特に鎮静性が強いため、内服したお子さんに眠気やふらつきが出やすいです。
一方で第二世代の抗ヒスタミン薬は効能はやや弱いけれども、神経系への副作用は弱いと考えられています。しかし、ケトチフェン(ザジテン®︎)など一部の薬は第一世代の抗ヒスタミン薬と同じくらいの鎮静性があるかもしれません。
抗ヒスタミン薬と小児のかぜ症状について
咳について
これまでの抗ヒスタミン薬のシリーズで個別にはあげてきませんでしたが、抗ヒスタミン薬が夜間の咳を軽快させるかの研究が行われています。
例えばこちらの研究を以前紹介しました。
こちらではデキストロメトルファン vs ジフェンヒドラミン vs プラセボで咳止めの効果を検討しています。
プラセボ(偽薬)と比較して、第一世代の抗ヒスタミン薬であるジフェンヒドラミンの咳止め効果は認めませんでした。
こちらの研究では、プラセボ(デーツシロップ)と比較して、やや咳の症状を抑える印象でした。しかし、咳止め効果としては、蜂蜜より劣っています。
研究数が少ないので確定的なことをいうのは難しいですが、抗ヒスタミン薬の咳止めとしての位置付けは、
- 蜂蜜以下
- プラセボ以上か同等
となります。
これらの研究の問題点としては短期間(一夜)しか行われていない点です。
かぜ症状は少なくとも1週間前後は続きますので、この1夜のみでの評価をどこまで延長して考えてよいのかという疑問は残ります。
かぜ症状全般(咳、鼻汁、倦怠感)
咳という1つの症状でなく、咳・鼻汁・倦怠感などの総合的な症状としてみた研究もありました。
こちらの研究は2〜15歳の小児を対象にしていますが、抗ヒスタミン薬を飲んだグループのほうが、
- かぜ症状の改善が1日ほど早かった
- 鼻汁の量が減る期間が1日ほど早かった
- 治療1週間後に症状が消失する割合が多かった
と出ています。
確かにこの論文だけ読むと抗ヒスタミン薬はかぜの症状緩和に効きそうな印象をもってしまいますが、この研究はいくつか問題点があり批判もされているようです。
例えばランダム化がきちんと行われていたかが明示されていなかったり、対象患者の症状が長すぎる(最大365日)と、様々な疑問が残る結果でした。
こちらの研究は5歳未満の小児を対象に行われたランダム化比較研究です。
こちらの結果によると、抗ヒスタミン薬は
- 内服後3日での鼻水は軽減しない
- 内服後7日では鼻水は治癒しやすい
傾向にあることがわかりました。
後者は論文中に正確のデータ記載がなく、やや疑問が残る内容です。
こちらの研究は抗ヒスタミン薬が小児のかぜ症状に有効かを48時間みています。
どの症状においても、プラセボと比較して有効性を確認することができませんでした。
こちらもアメリカで行われた類似の研究ですが、抗ヒスタミン薬を内服しても48時間後にかぜ症状を軽快させる有効性はありませんでした。
これら4本を総合しても、好意的に見積もっても抗ヒスタミン薬は小児のかぜ症状の軽減には1週間ほど内服をつづけないと、その効果を実感できないかもしれない、ともいえます。
つまり、内服後すぐにその効果を実感できるほどの有効性はなさそうといえます。
抗ヒスタミン薬と滲出性中耳炎について
滲出性中耳炎は中耳に液体が貯留してしまう疾患ですが、抗ヒスタミン薬が長期的に使用されているケースがあります。

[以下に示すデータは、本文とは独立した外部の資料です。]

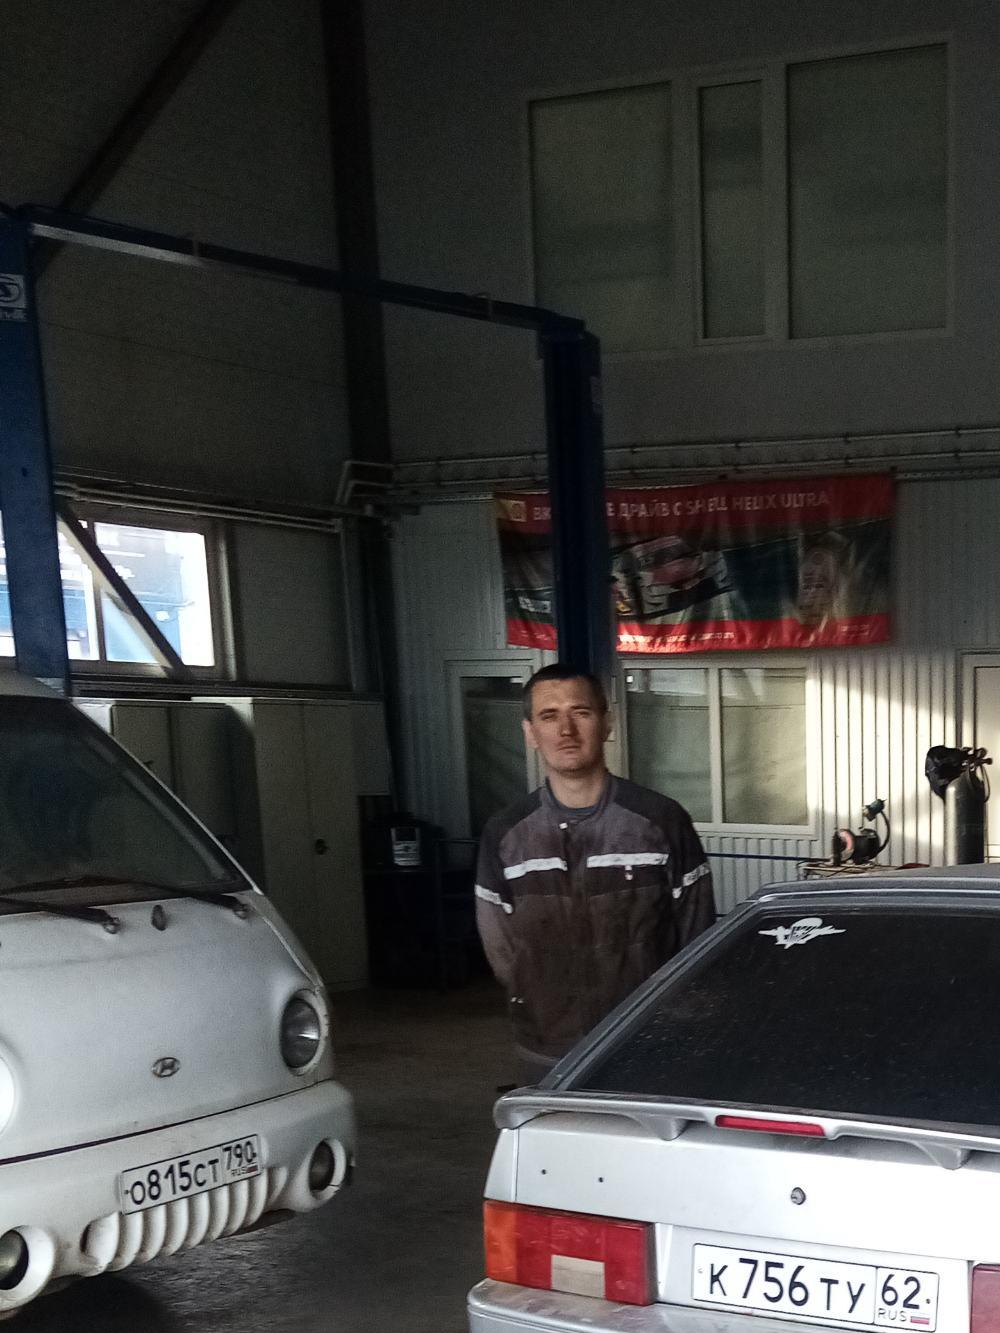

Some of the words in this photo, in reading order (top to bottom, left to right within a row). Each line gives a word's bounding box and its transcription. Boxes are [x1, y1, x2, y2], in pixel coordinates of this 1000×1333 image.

抗ヒスタミン薬の有効性を検討した研究は複数ありますので、1つずつまとめていきましょう。
こちらはアメリカのピッツバーグで行われたRCTですが、抗ヒスタミン薬を投与しても
- 4週間後の滲出性中耳炎の治癒率は変わらない
- 投薬終了4週後の再発率も変わらない〜若干高くなる
という結果でした。
こちらの研究では滲出性中耳炎に、プラセボ or 抗菌薬のみ or 抗菌薬 + 抗ヒスタミン薬を投与して4週間後の滲出咳の有無をみています。
抗菌薬に抗ヒスタミンを追加しても、4週間後の治癒率、再発率、聴力にほとんど影響がありませんでした。
また、治療開始後2週間以内に副作用を認める割合が高かったです。
こちらの研究でも抗ヒスタミン薬が滲出性中耳炎に有効かをみています。
7週間ほど追跡して滲出性中耳炎の治癒率をみていますが、有効性を証明することはできませんでした。
この傾向は抗菌薬の先行投与があっても、なくても変わりませんでした。
こちらの研究では抗ヒスタミン薬投与後1年ほど経過をみていますが、滲出性中耳炎による聴力低下や、その結果としておこる学力低下を予防できるような効果は認めませんでした。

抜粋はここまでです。